== DATA EXTRACTS ==

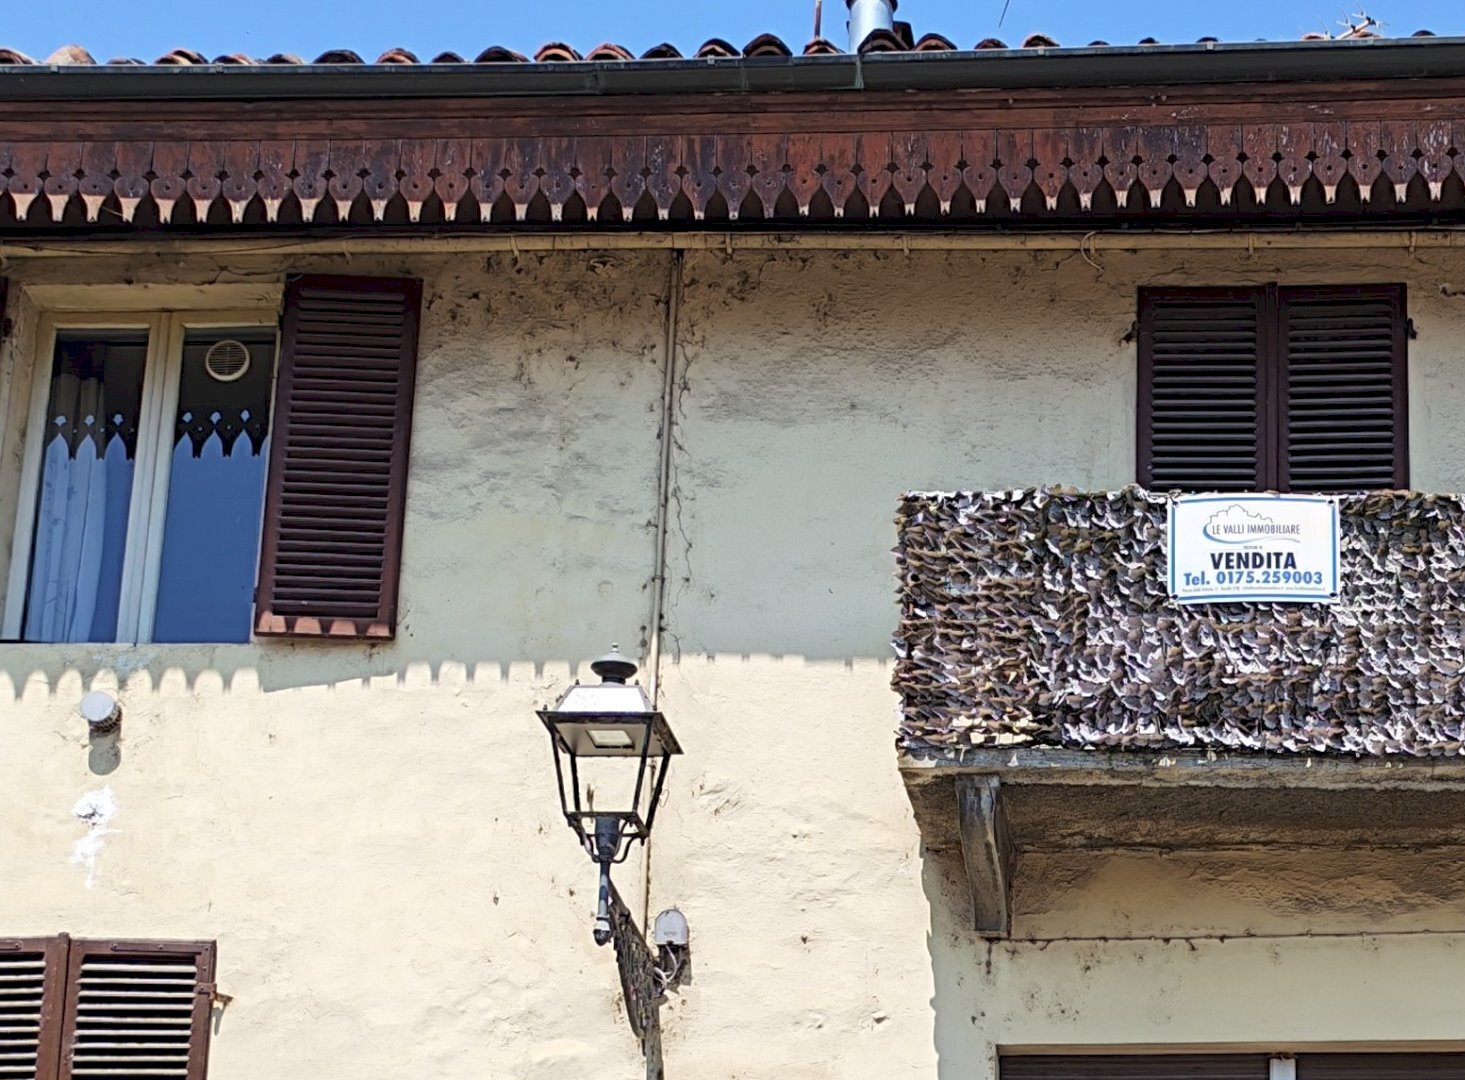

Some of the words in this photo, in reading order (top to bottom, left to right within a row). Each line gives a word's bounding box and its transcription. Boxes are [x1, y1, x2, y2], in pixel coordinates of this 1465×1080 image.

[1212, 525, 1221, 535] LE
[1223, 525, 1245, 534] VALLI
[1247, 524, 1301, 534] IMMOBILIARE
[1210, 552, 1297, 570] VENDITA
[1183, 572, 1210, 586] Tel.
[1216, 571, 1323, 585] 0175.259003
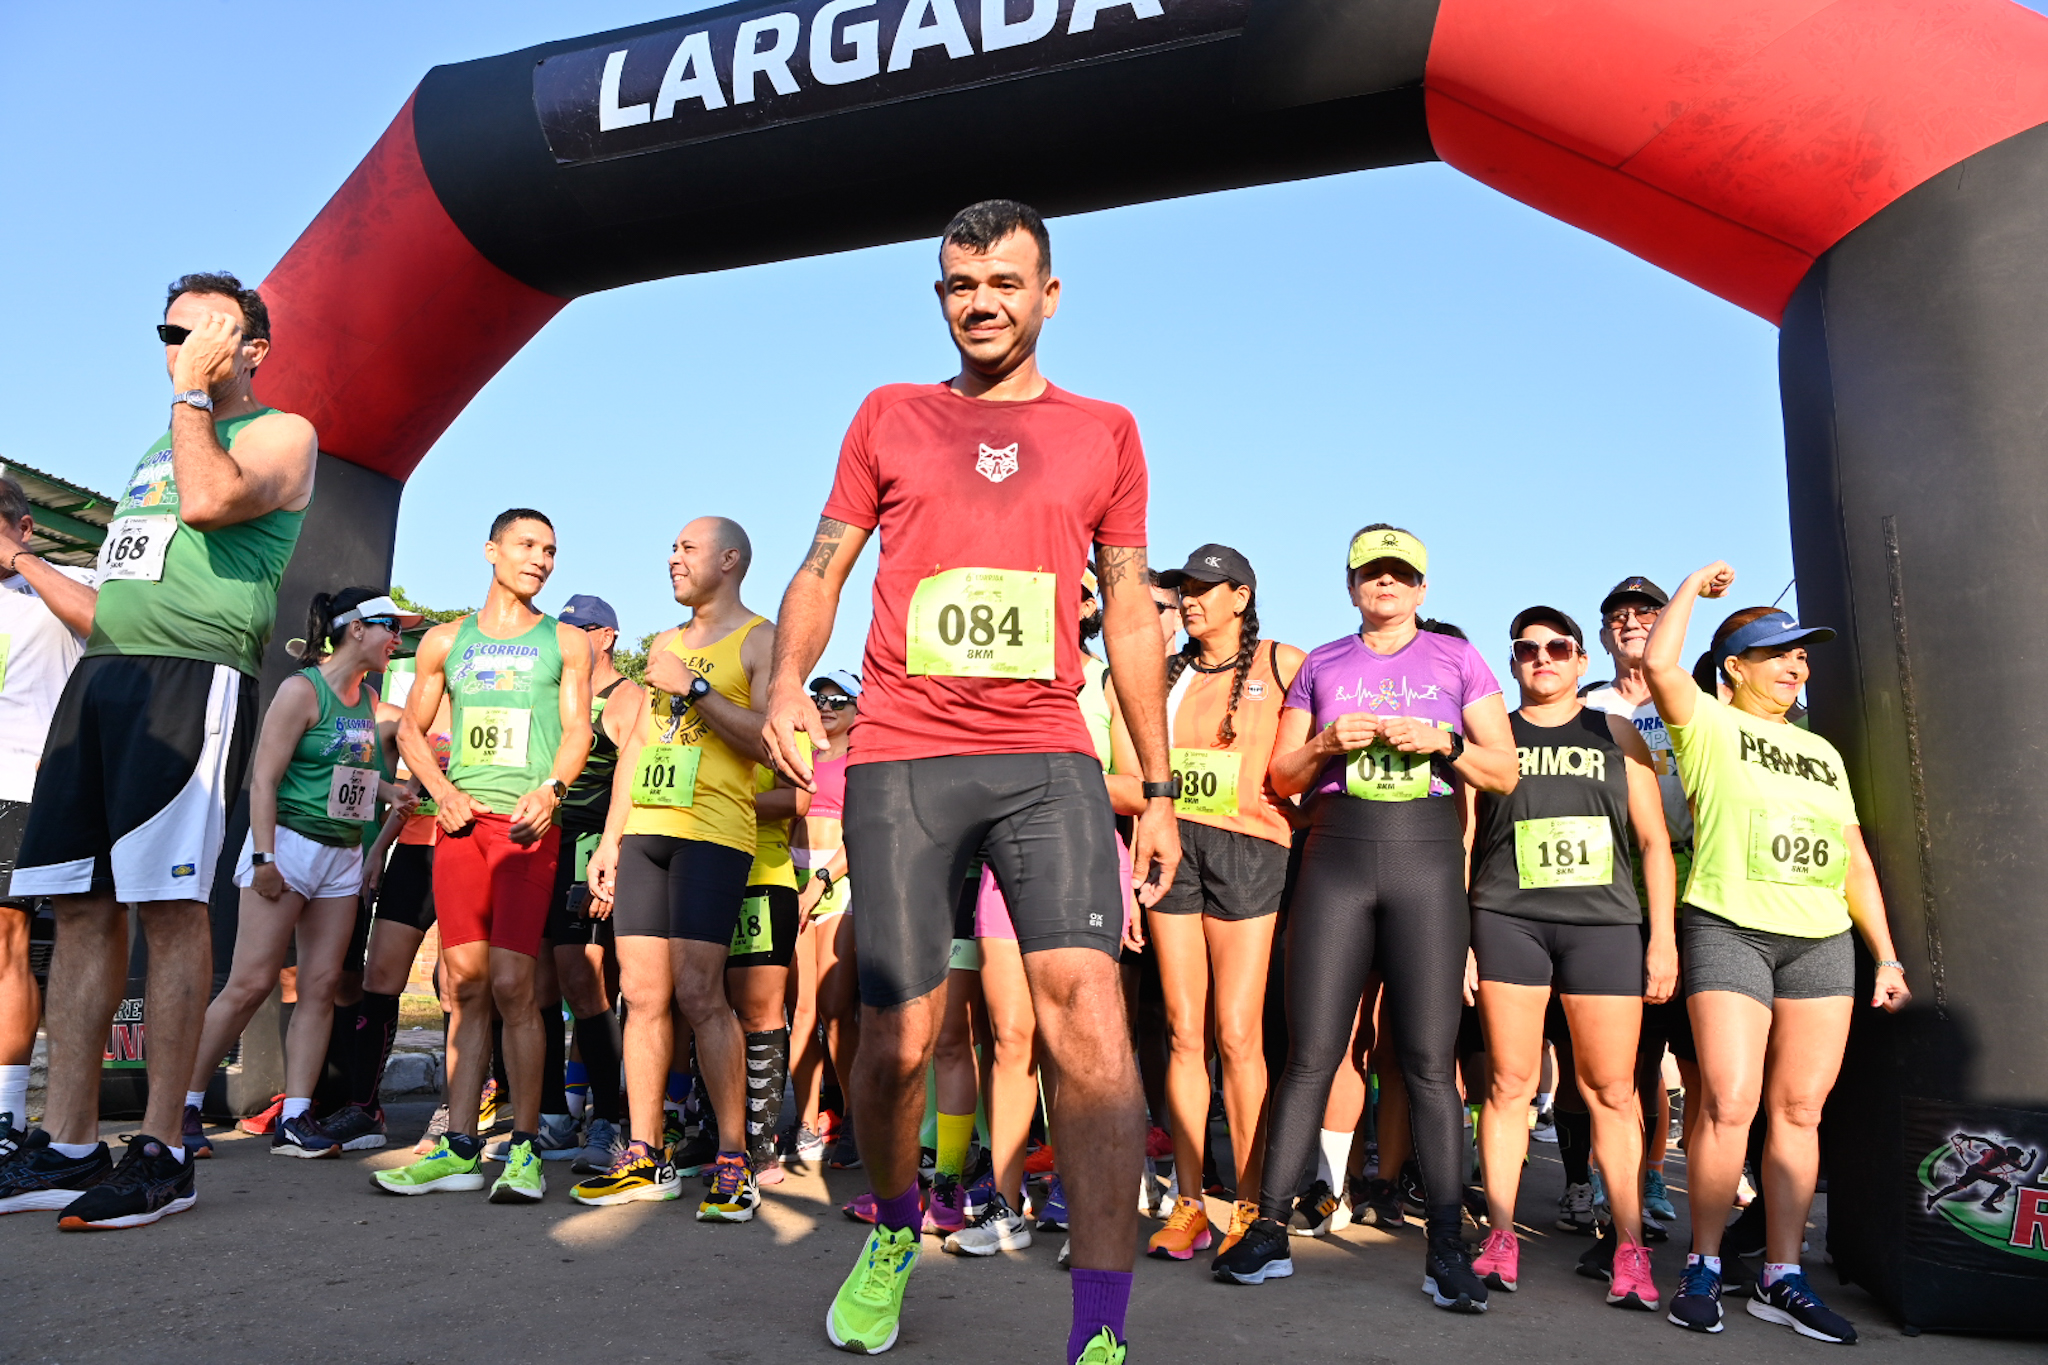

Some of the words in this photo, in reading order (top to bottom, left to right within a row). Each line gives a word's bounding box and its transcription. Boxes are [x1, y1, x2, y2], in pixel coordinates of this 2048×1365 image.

===

REQUIREMENT
Could the entries above be written out word for word, pictures excluded?

SOLUTION TO THIS PROBLEM
Some of the words in this photo, in reading order (top to bottom, left to right within a row). Each line gives a word's bounding box and its transcription. Boxes are [x1, y1, x2, y2], in pixel coordinates of this 1465×1080 image.

[1212, 525, 1221, 535] LE
[1223, 525, 1245, 534] VALLI
[1247, 524, 1301, 534] IMMOBILIARE
[1210, 552, 1297, 570] VENDITA
[1183, 572, 1210, 586] Tel.
[1216, 571, 1323, 585] 0175.259003

Some of the words in this photo, in reading order (top to bottom, left to right within a row). Each line gives a word's bounding box and its transcription. Boxes are [x1, y1, x2, y2], in pixel coordinates of this 2048×1365 image.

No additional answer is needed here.